What is left is to connect Debezium to MongoDB. Firstly, Debezium requires a certain set of permissions to access oplog collection. A user can be created for this purpose in mongo shell. Run docker exec -it mongo /bin/bash. Once inside the container execute mongo command to start mongo shell. Run the following command:

use admin
db.createUser(
  {
    user: 'your_username',
    pwd: 'your_password',
    roles: [ { role: 'root', db: 'admin' } ]
  }
);

Now a Debezium connector needs to be created via Kafka Connect REST API (below is a CURL command which can be executed in terminal):

curl --location --request POST 'http://localhost:8083/connectors' \
--header 'Content-Type: application/json' \
--data-raw '{
  "name": "mongo",
  "config": {
    "connector.class": "io.debezium.connector.MongoDB.MongoDBConnector",
    "MongoDB.hosts": "mongo:27017",
    "MongoDB.name": "mongoconnector",
    "MongoDB.user": "your_username",
    "MongoDB.password": "your_password",
    "MongoDB.authsource": "admin"
  }
}'

The object keys in the POST body JSON object are Debezium properties. monngodb.hosts value is mongo:27017 because both Debezium and MongoDB are run inside docker containers and docker allows one docker service to refer to another service via servicename:port convention (provided that the containers are on the same docker network which they are in our case because docker-compose automatically creates one). Because the name of the MongoDB service is mongo and the database runs on port 27017 it can be accessed on the network by mongo:27017 address.

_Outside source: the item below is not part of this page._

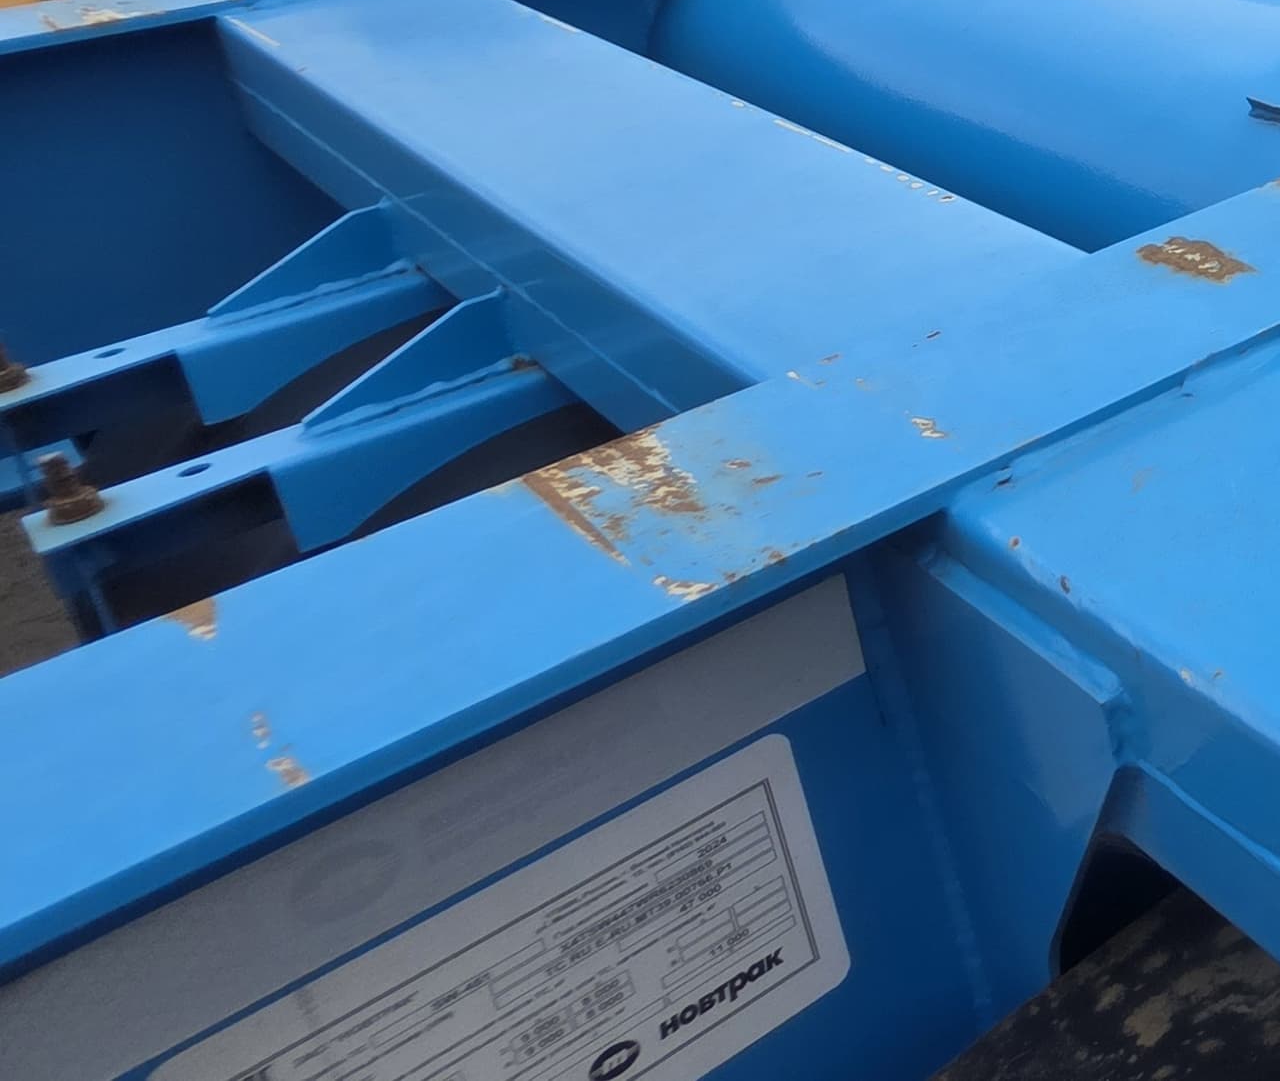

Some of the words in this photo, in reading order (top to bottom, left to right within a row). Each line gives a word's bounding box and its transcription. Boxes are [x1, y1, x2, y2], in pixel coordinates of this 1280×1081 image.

[697, 836, 727, 859] 2024
[698, 883, 722, 901] 000
[728, 927, 750, 945] 000

Let’s create some data in the same mongo shell that we opened earlier:

use testdb
db.products.insert({ item: "envelopes", qty: 100, type: "Clasp" })

After visiting Kafdrop at localhost:9000 the mongoconnector.testdb.products topic should appear:

kafdrop mongo connector

After clicking the topic a message will be seen which will contain data referring to the document just created:

kafdrop message

The created document can be accessed under the Kafka message value payload.after key for insertions and under payload.patch key for updates.

At this point a Kafka consumer can be started to consume messages from mongoconnector.testdb.products topic, perform the necessary transformations and insert the resulting documents into Elasticsearch (🔥). Specific databases/collections can be defined to be monitored, these settings can be found in Debezium docs.